● Exercise details
A single number is the answer here: the count of lines in the records below in which the word "pixel" appears.

(Saved data entries)
((
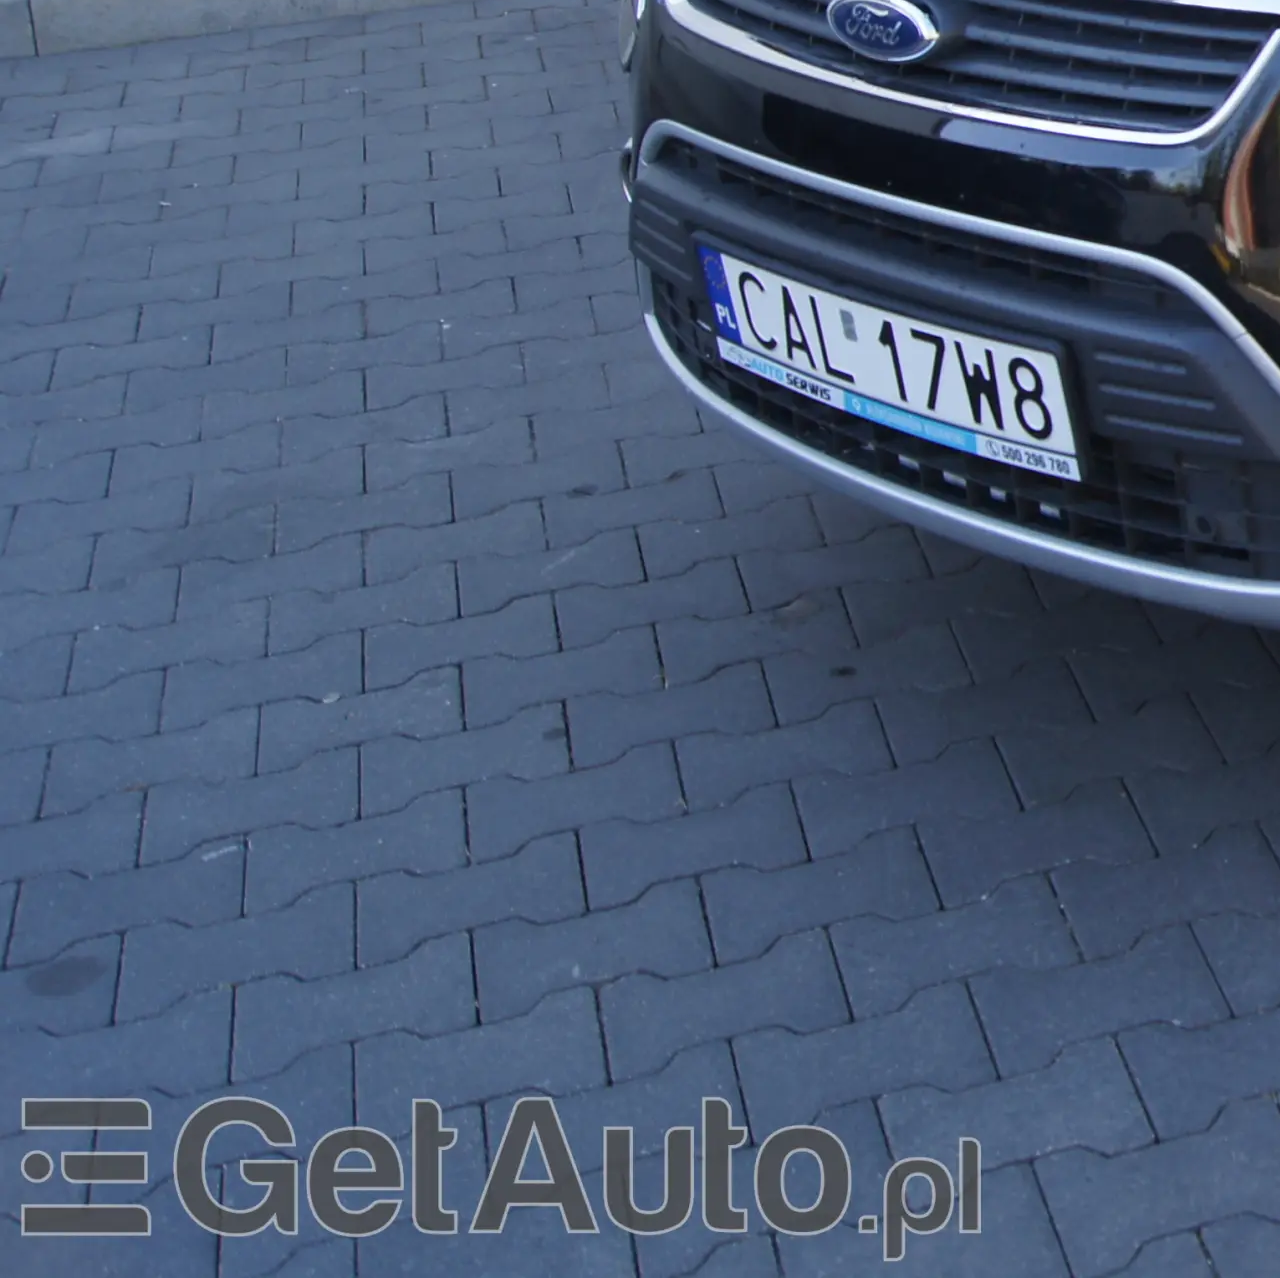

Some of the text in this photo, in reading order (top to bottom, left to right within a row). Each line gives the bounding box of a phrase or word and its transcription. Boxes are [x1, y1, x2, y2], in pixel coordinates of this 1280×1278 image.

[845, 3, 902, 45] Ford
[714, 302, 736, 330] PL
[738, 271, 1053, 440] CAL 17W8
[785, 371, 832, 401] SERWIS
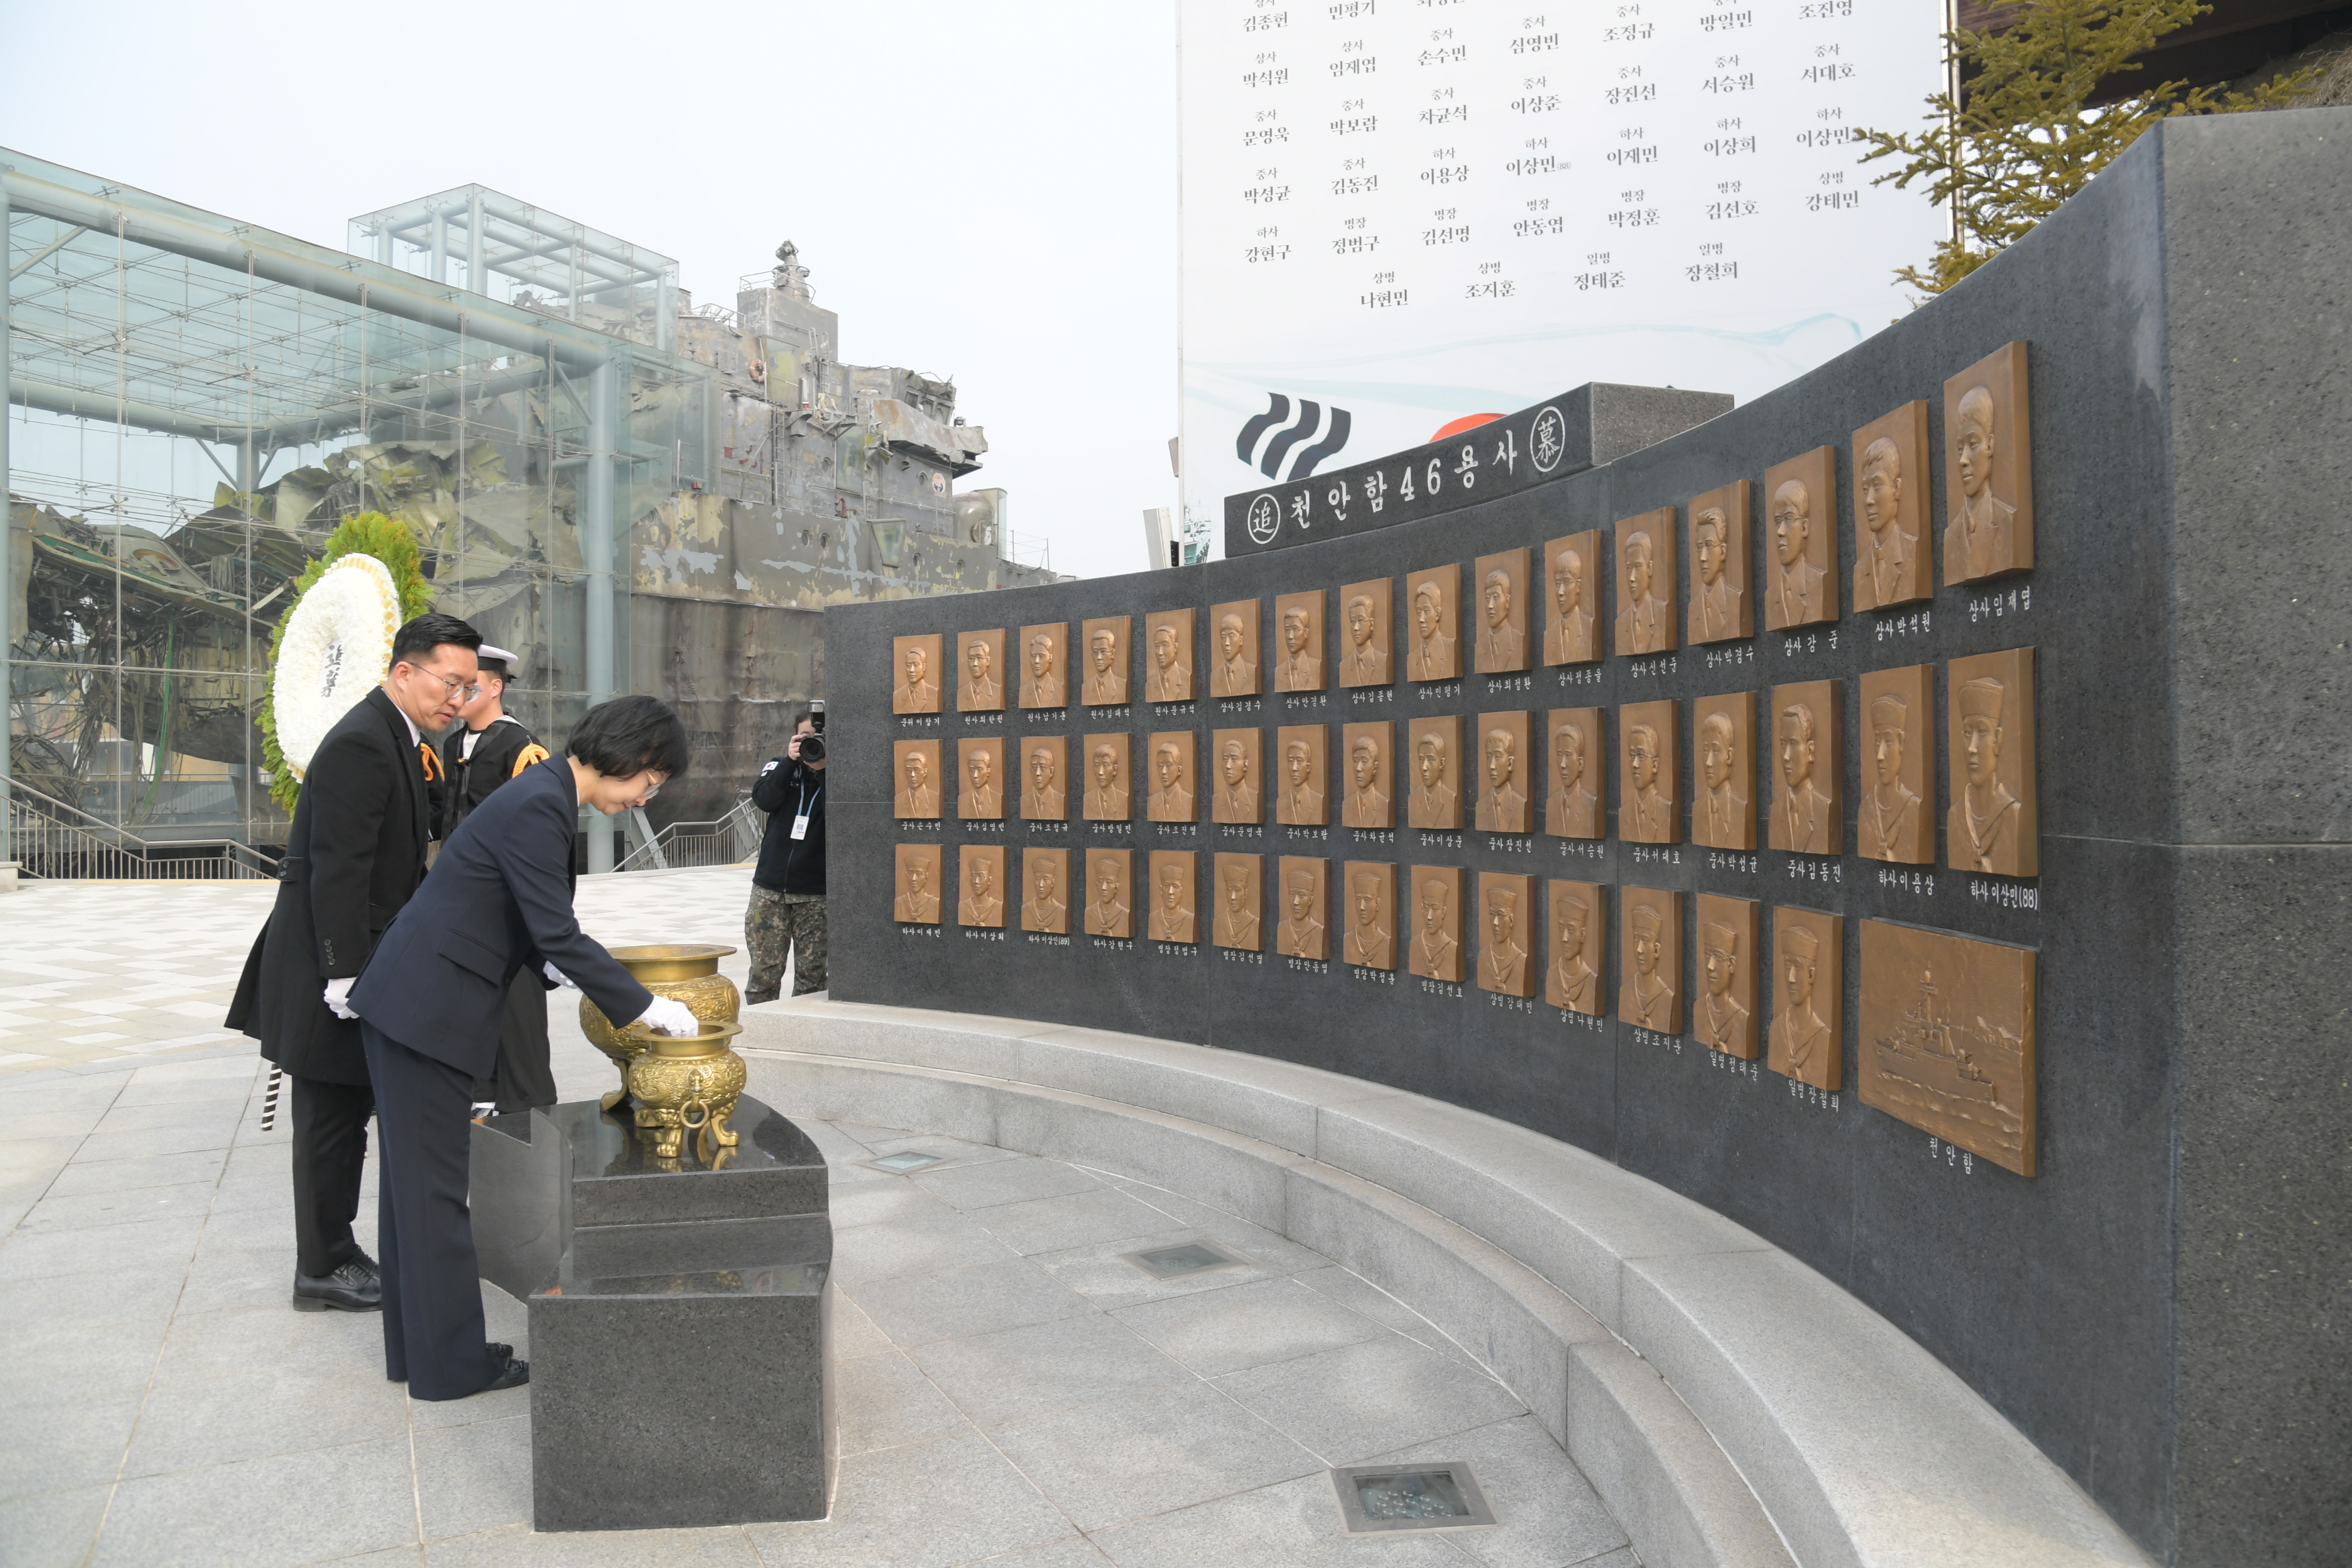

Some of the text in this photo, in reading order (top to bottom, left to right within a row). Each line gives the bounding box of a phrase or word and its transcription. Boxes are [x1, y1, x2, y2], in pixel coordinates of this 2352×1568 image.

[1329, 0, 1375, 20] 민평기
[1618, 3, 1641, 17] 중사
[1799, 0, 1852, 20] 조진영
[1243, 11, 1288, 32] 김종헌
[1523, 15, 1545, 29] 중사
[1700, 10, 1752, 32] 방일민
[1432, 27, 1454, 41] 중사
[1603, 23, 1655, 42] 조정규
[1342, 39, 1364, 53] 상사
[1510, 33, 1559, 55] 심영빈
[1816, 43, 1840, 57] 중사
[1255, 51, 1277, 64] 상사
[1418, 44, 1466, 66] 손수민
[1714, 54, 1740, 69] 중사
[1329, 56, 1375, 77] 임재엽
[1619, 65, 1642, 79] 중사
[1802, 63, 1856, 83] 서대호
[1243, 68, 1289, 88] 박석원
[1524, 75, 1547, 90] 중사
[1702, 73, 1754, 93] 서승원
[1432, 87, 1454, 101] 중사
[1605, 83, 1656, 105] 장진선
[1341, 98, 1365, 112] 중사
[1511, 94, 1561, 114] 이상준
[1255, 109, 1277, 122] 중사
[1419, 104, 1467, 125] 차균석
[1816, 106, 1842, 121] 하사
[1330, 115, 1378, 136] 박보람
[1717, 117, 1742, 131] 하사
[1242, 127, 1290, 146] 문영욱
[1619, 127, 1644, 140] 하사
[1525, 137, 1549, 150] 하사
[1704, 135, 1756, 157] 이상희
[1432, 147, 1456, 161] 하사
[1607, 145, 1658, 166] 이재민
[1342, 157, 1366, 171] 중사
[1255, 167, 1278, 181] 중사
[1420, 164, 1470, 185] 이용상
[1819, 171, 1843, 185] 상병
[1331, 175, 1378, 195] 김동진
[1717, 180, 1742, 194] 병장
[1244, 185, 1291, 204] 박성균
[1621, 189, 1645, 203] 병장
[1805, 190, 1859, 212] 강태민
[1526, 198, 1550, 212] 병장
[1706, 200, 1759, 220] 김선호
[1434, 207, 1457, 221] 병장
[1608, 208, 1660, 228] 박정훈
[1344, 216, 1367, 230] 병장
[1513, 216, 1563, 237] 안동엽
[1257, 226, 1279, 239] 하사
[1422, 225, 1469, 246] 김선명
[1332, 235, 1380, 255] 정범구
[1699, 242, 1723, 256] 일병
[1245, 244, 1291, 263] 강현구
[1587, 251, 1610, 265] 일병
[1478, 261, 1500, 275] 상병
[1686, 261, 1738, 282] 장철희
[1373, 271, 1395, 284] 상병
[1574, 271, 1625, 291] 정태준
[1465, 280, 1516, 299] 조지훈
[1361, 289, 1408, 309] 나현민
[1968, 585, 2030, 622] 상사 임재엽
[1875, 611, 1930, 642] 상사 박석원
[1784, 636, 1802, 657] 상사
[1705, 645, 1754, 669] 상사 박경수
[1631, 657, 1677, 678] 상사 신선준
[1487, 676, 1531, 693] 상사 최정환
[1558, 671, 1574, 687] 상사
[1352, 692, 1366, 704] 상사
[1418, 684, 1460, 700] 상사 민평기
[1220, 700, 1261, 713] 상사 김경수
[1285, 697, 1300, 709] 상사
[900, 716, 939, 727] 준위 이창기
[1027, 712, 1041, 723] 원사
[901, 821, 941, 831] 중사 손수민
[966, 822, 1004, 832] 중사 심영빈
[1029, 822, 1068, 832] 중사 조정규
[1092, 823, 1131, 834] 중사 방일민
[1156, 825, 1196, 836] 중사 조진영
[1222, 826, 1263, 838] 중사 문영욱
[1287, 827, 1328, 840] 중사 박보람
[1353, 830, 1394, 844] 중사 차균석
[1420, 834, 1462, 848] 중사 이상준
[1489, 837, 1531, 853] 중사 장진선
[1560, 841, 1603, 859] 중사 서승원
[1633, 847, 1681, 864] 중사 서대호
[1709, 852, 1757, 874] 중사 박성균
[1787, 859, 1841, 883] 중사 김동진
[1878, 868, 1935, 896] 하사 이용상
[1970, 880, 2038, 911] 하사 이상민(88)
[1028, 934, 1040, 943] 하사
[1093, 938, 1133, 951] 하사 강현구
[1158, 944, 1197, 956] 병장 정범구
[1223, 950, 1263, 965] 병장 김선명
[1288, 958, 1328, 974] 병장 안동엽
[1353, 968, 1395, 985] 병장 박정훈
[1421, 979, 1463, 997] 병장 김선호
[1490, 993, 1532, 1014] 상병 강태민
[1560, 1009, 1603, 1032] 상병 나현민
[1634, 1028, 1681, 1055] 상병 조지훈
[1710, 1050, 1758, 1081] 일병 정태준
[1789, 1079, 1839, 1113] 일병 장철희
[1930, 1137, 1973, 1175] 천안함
))
● Exercise response
2